Pablo, é pesquisador e professor doutor do Programa de Pós-Graduação em Artes e da Escola Guignard da UEMG. Gestor de serviços da Rede Brasileira de Serviços de Promoção Digital do IBICT/MCTI. Coorganizador de diversos livros, tais como “Configurações do Pós-Digital” (2017), “Refletindo sobre a cultura” (2017), “Jogos e sociedade” (2012)

Com a arte digital, a ciência tem uma relação mais estreita com o painel criativo? Como essa relação acontece? Como a ciência se aproxima da arte digital?

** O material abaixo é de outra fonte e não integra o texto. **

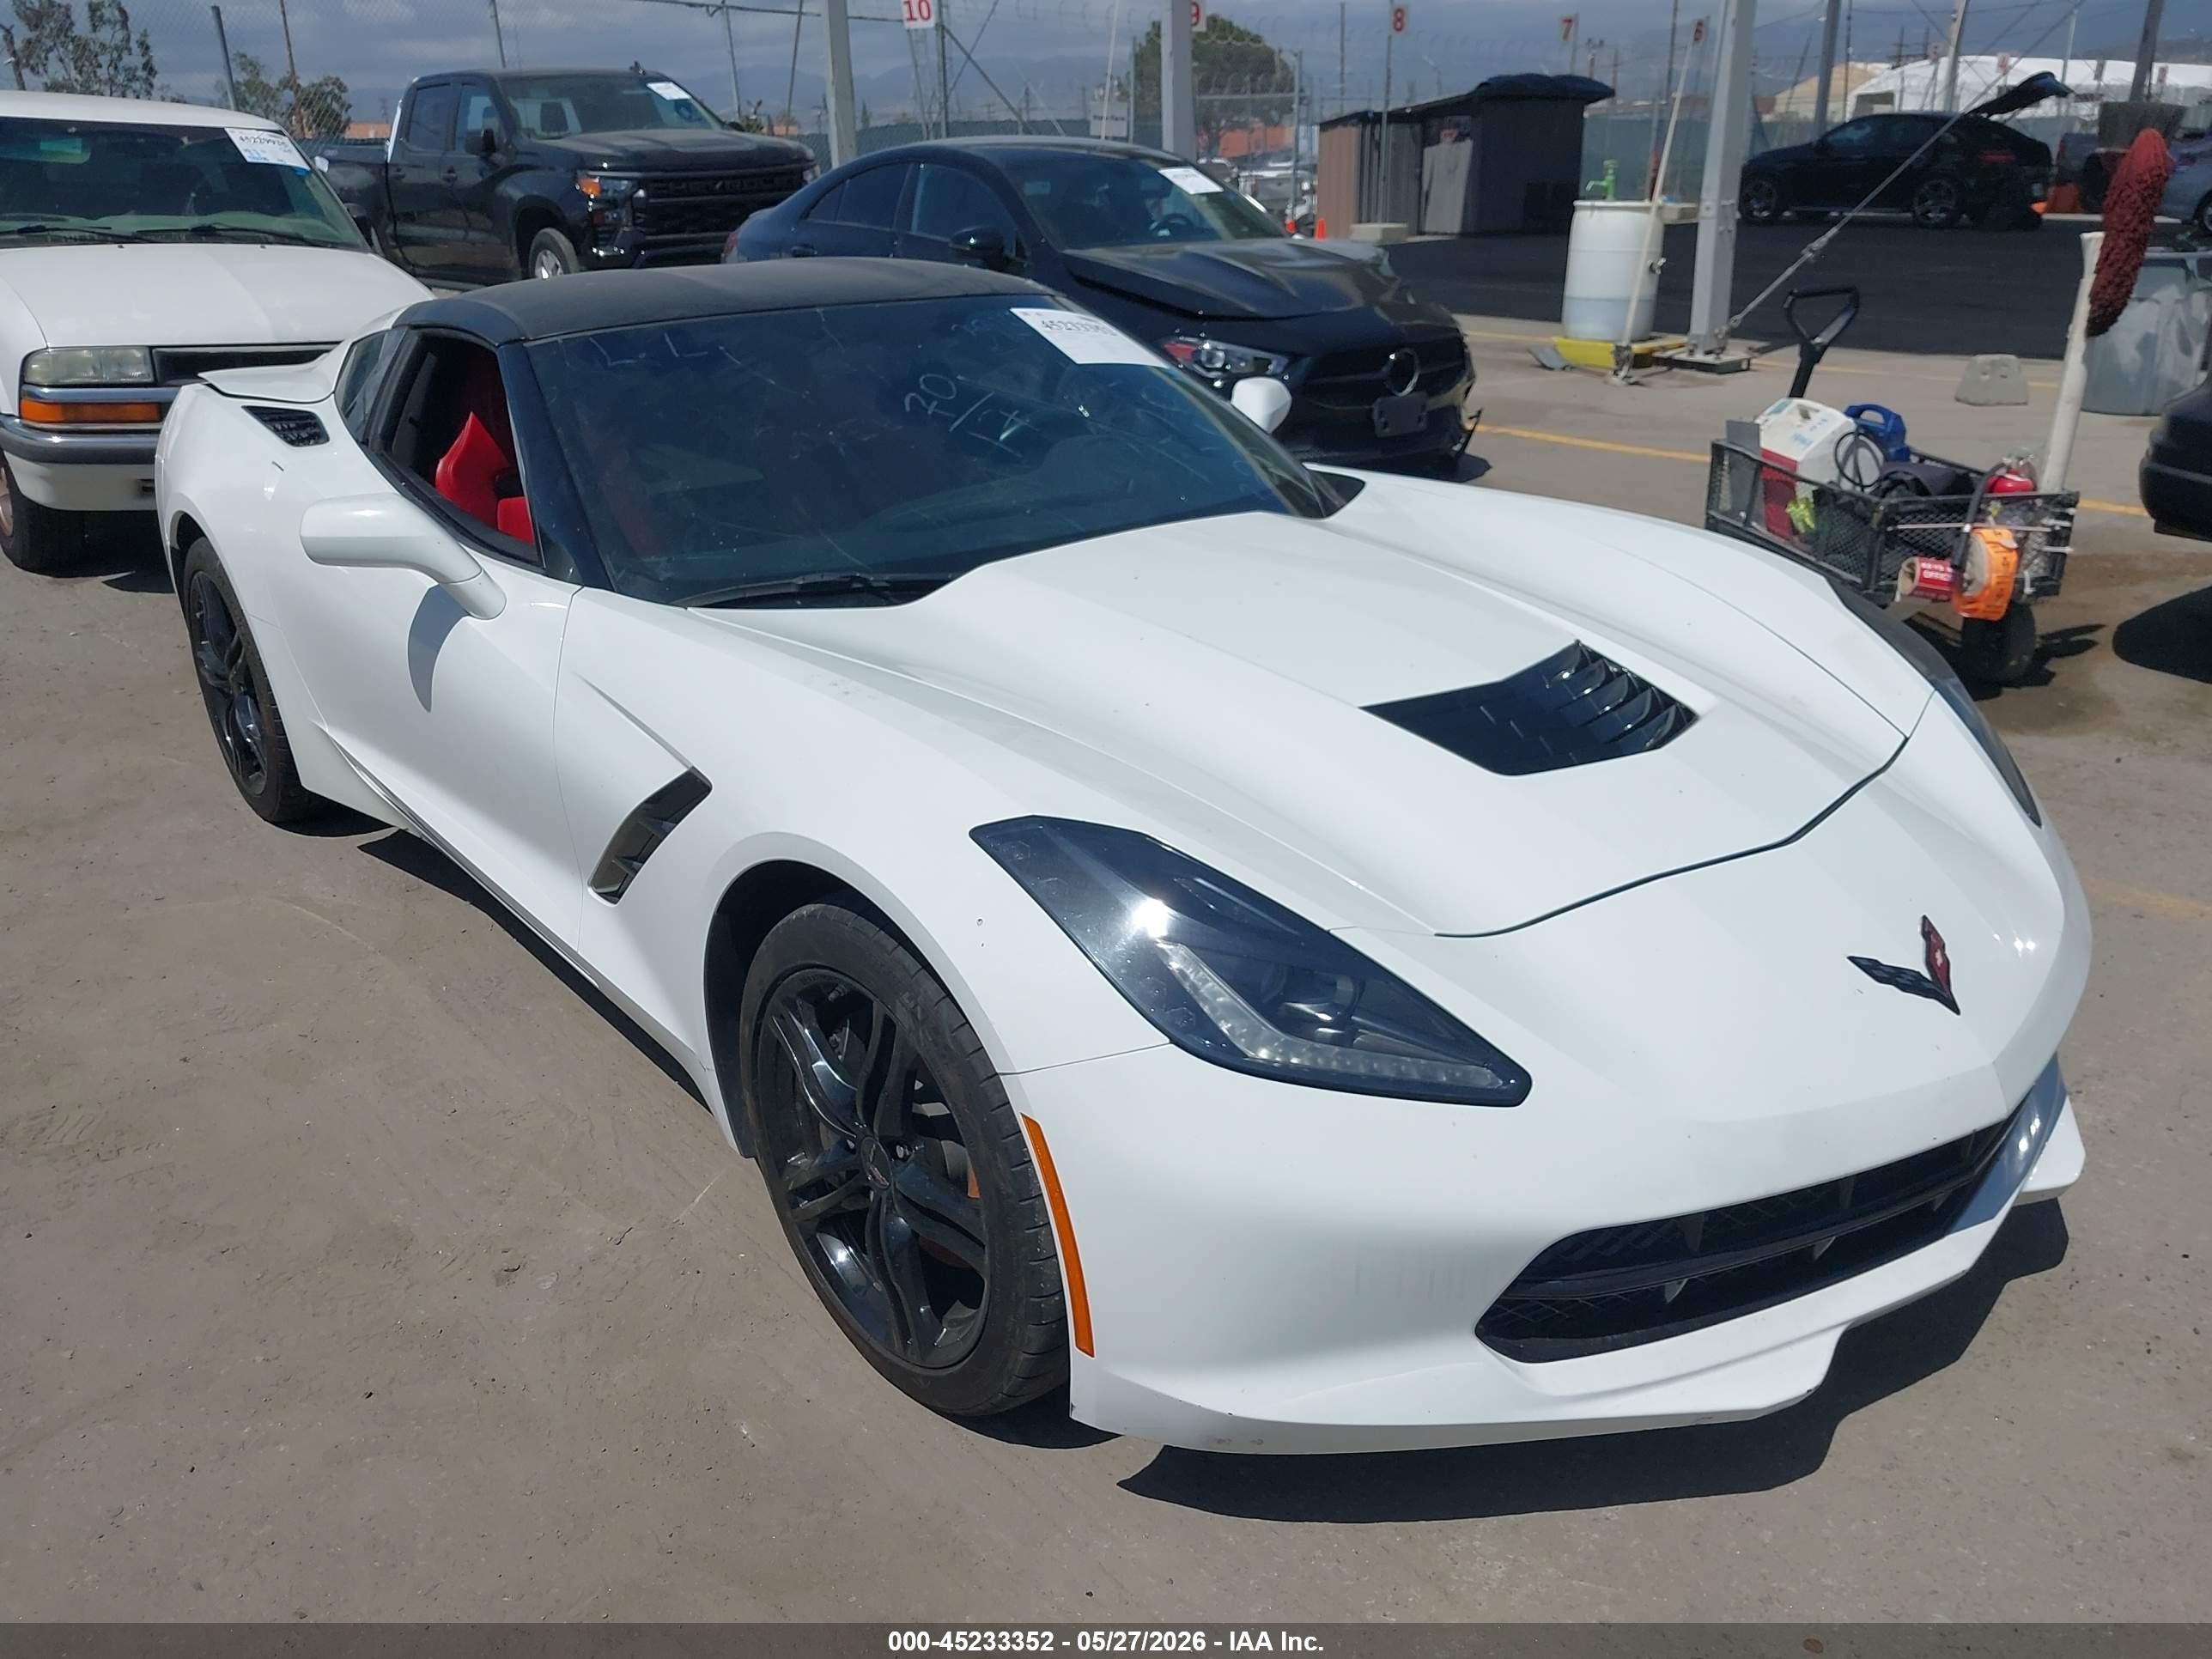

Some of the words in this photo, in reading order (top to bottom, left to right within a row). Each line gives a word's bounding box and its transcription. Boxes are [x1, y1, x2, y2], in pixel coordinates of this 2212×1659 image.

Na verdade o que acontece com o advento do pós-digital – quando o digital é algo dado, quando o mundo está digitalizado ou em vias de sê-lo – é um acerto de contas histórico da arte para com a ciência e para com a técnica. Acerto esse que cita os “artistas-engenheiros-cientistas” do passado das artes. As dimensões teóricas e práticas, na arte digital, se mostram unificadas e afirmam que pensamento, técnicas e fazeres diversos são instâncias entrelaçadas. O mundo cada vez mais é levado a perceber que a ideia de criatividade está presente nos mais diversos setores da sociedade e não restrito às artes. Vemos isso justamente após vivenciarmos renovações nas ciências e o aparecimento – ou crescimento – de campos da biotecnologia em geral, mas também campos como game studies, inteligência artificial etc.

Como a arte digital pode ser uma alternativa de acessibilidade para a população em geral?

Os modos de perceber o mundo e interagir com ele estão mudando. As pessoas estão cada vez mais familiarizadas com os modos de midiatização que as permitem não apenas alcançarem aspectos do mundo, mas participarem de construção de outros mundos dentro dele. A arte, conforme pensada por algumas tradições, se estabelece justamente com esse poder de ser um mundo, manifestar um mundo. A arte digital une a mudança cognitiva que os avanços tecnológicos permitem às mudanças que a produção estética tem a potência de realizar. Ao potencializar a multiplicação do mundo pode ocorrer, talvez, uma multiplicação do acesso a ele. Isso é algo que a arte digital poderá ou não mostrar.

Como a arte de agora pode interagir com seus públicos?

A arte digital, quando interativa, tem neste processo sua principal arma. As pessoas são capturadas pelas interfaces e com elas se acoplam para produzir a obra em instância espaço-temporal própria. Essa construção é também disruptiva, tendo em vista que representa metonimicamente o que ocorre no mundo contemporâneo.